Nate: Yeah. I was really excited about that opportunity because I felt like it was category defining, like he had invented a piece of essentially science fiction, like a true innovation, like patented one of one discovery around this type of methodology where you could essentially like use electricity and then compress everything in a weight room to this small little form factor that you mount on your [00:13:00] wall.
There just was this secular trend around health and wellness that I felt was just barely getting started. And you have to remember, like Peloton, it was still pretty early. Like they hadn't, they weren't like pre predestined, in 2015 or whenever that was.
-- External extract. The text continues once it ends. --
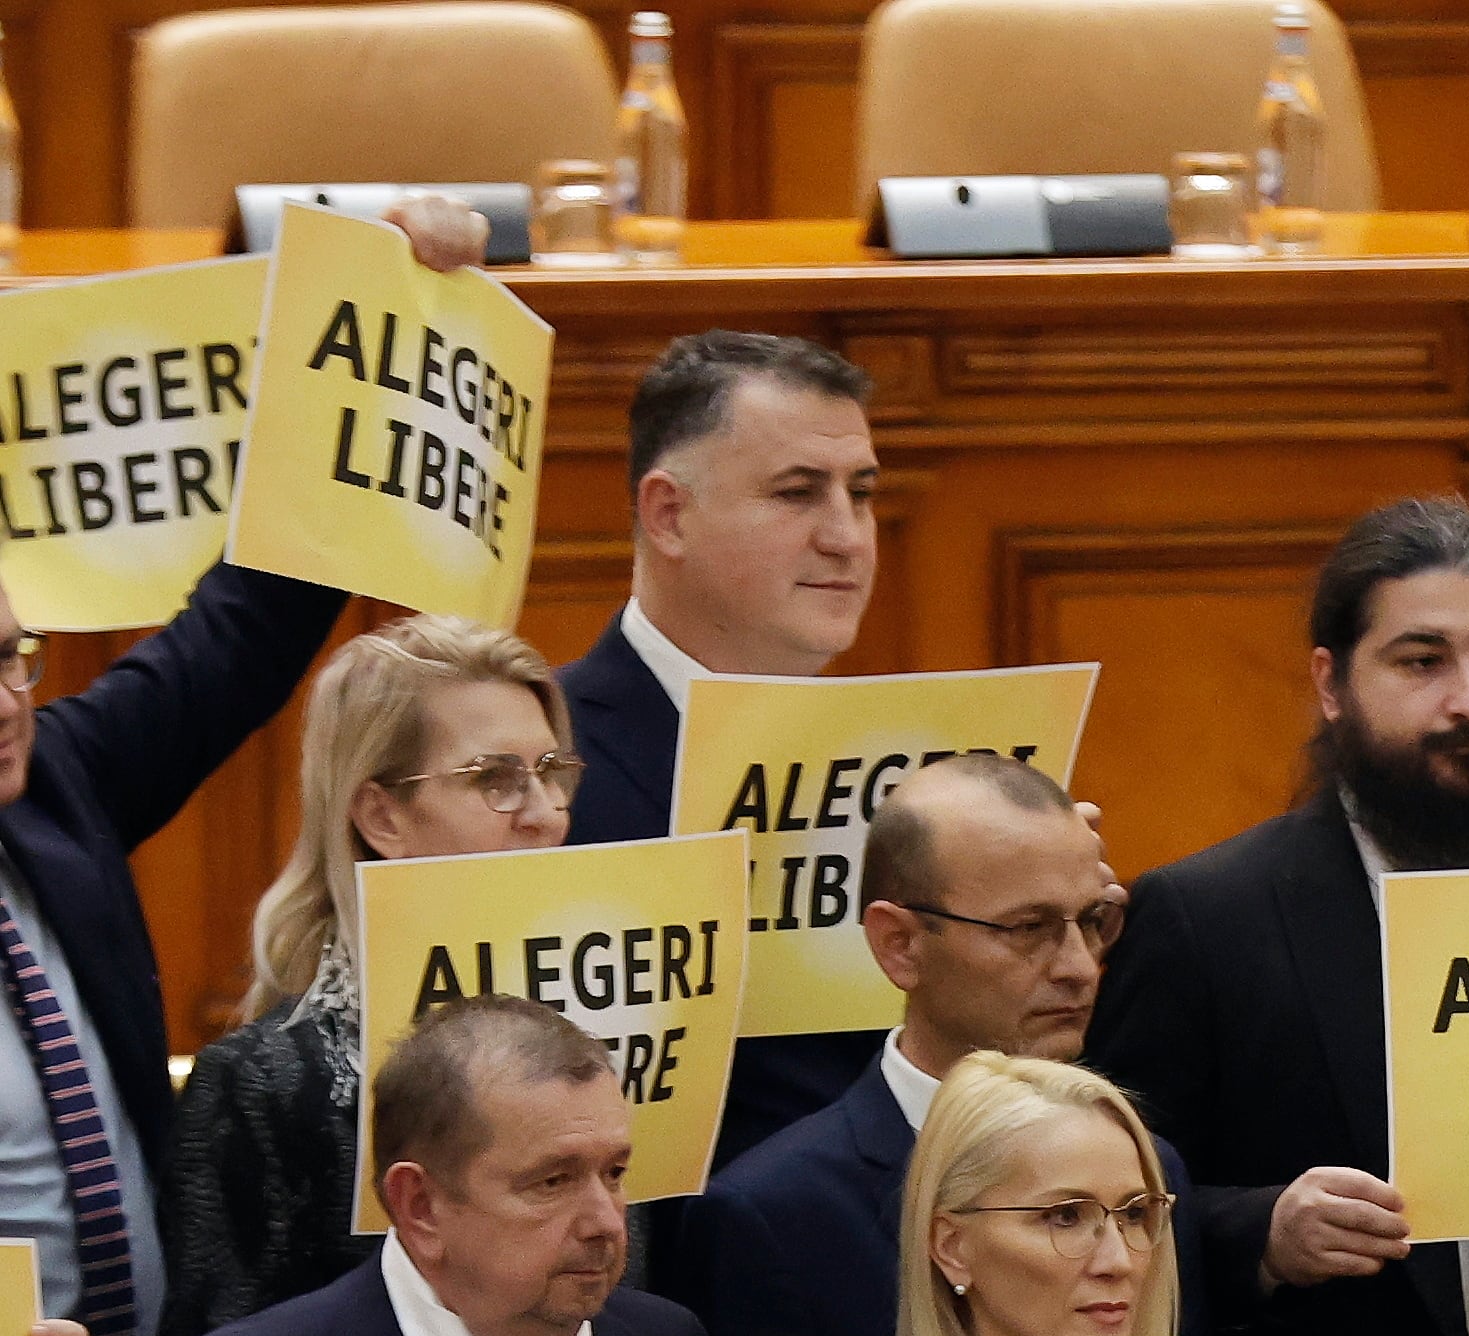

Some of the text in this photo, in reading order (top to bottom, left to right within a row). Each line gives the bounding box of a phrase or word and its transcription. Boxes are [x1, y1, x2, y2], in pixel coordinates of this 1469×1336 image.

[0, 337, 262, 444] LEGER
[307, 300, 533, 472] ALEGERI
[332, 407, 511, 561] LIBERE
And so it was really like the honor of my career to be able to take, all these technology and actually create a brand from scratch like that. I think for any marketer, like you have, like your primary mode is shepherding a brand, right? And protecting it, the brand pre-exists. But being able to create something from scratch, like from the name to how it looks, to how you talk about it, to how it visually is presented, like that's I think like the honor of any marketer's career and it's a very rare opportunity.
And so that was like very exciting to me.
Amy: Was that the first brand from Scratch opportunity you had?
Nate: I had launched sub-brands
Nate: inside, like Burton Snowboards in the North face. But nothing like de novo now. That was like a really fun experience.
Amy: Okay.
So how did you talk about the [00:14:00] functionality and then the emotions with tonal? And also did that change? Did you start thinking about it a certain way and then learn that it was actually something else? Or were your initial instincts just right on how did that out? I mean, there was
Nate: really like two or three core benefits, and I have to like, go back to my notes, but let's start with the consumer.
We isolated it down to three consumer types. People who wanted external who are motivated externally. So how I look in a bathing suit. Being complimented on how fit I look, that there was people who were internally motivated. So I want to just beat my next metric. I don't care about like other people telling me how I'm doing.
I'm really like looking at my metrics and can I make myself like 1% better every day? So like the internal motivators. And there was this third group that was like, I need motivation. And the product had, benefits for each of those types of people. And ultimately, like what are the biggest points of [00:15:00] friction to staying fit is the convenience aspect.
A being able to go somewhere and get your workout in. With regards to strength training, I think cardio is really easy 'cause everybody knows how to run. But to strength train properly, it requires form and technique and programming and sequencing of exercises. And then the types of, sets you're doing and the volume and then how you're doing over time and what you should be eating.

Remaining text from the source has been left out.